■ **PROMPT**:
Give the data below again exactly as written, but without the pictures.

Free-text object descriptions

#####

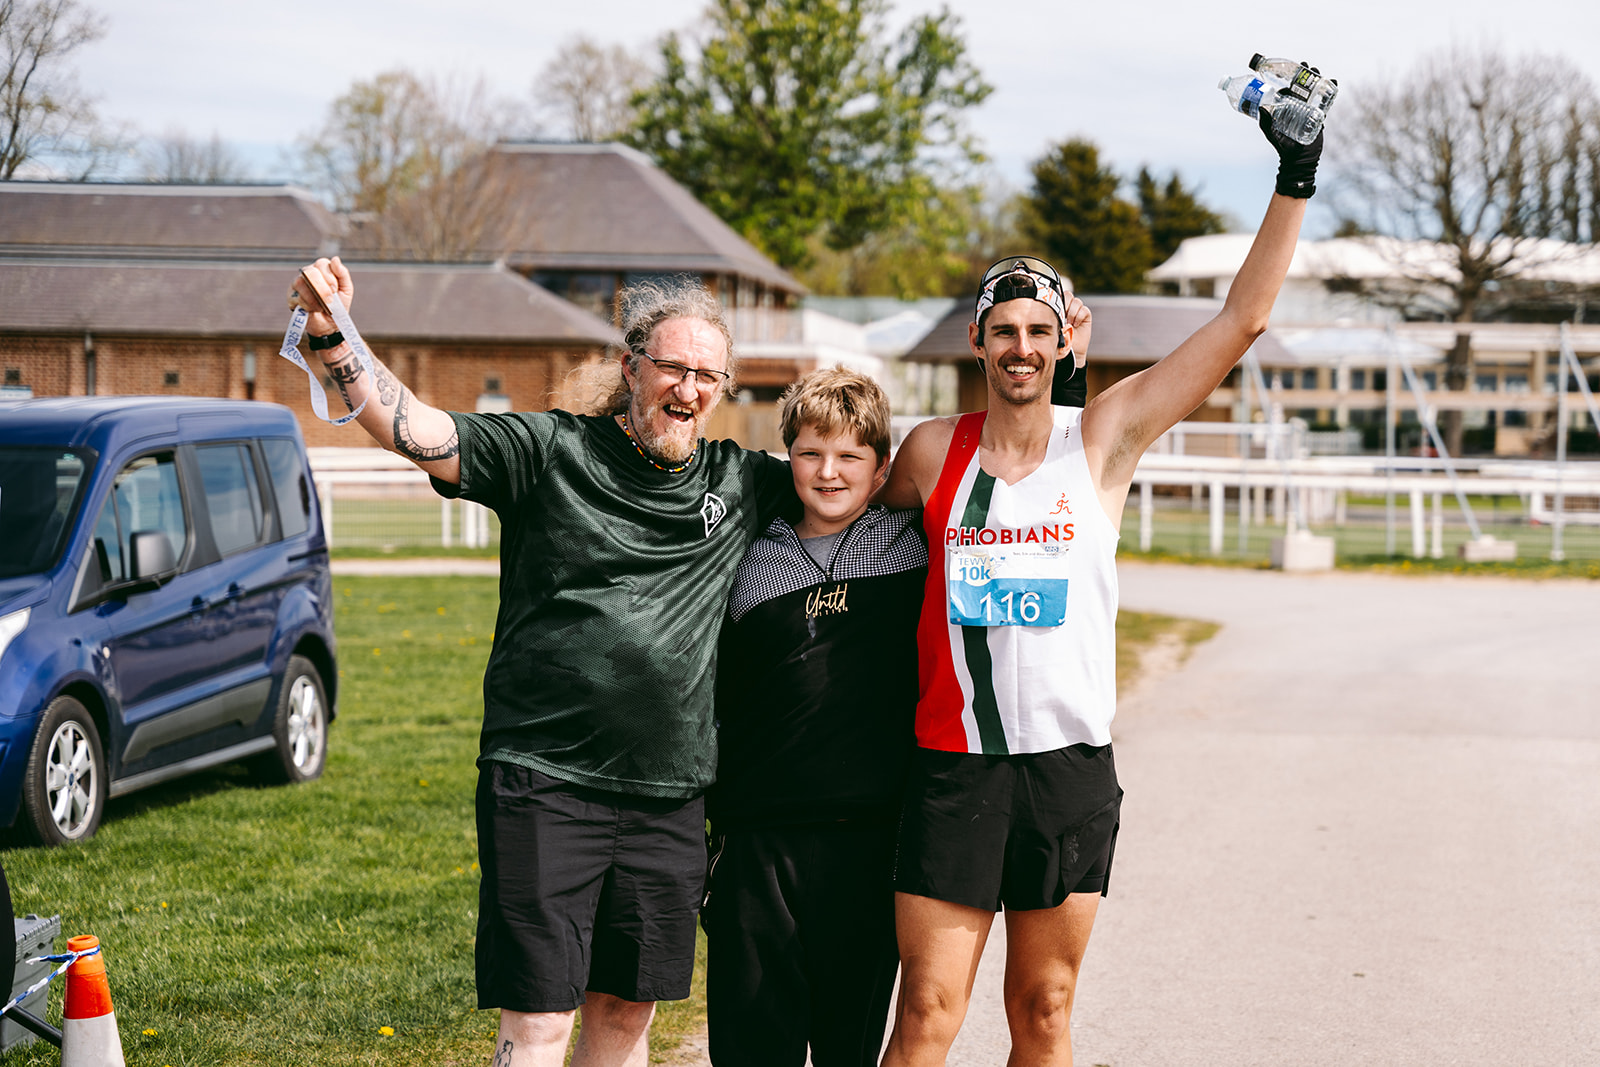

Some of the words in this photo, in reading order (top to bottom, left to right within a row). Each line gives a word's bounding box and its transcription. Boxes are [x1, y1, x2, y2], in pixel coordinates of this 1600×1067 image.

[945, 523, 1075, 546] PHOBIANS
[958, 557, 989, 566] TEWV
[958, 566, 991, 581] 10k
[979, 591, 1041, 623] 116

#####

■ **WRITTEN ANSWER**:
Some of the words in this photo, in reading order (top to bottom, left to right within a row). Each line gives a word's bounding box and its transcription. Boxes are [x1, y1, x2, y2], in pixel coordinates of this 1600×1067 image.

[945, 523, 1075, 546] PHOBIANS
[958, 557, 989, 566] TEWV
[958, 566, 991, 581] 10k
[979, 591, 1041, 623] 116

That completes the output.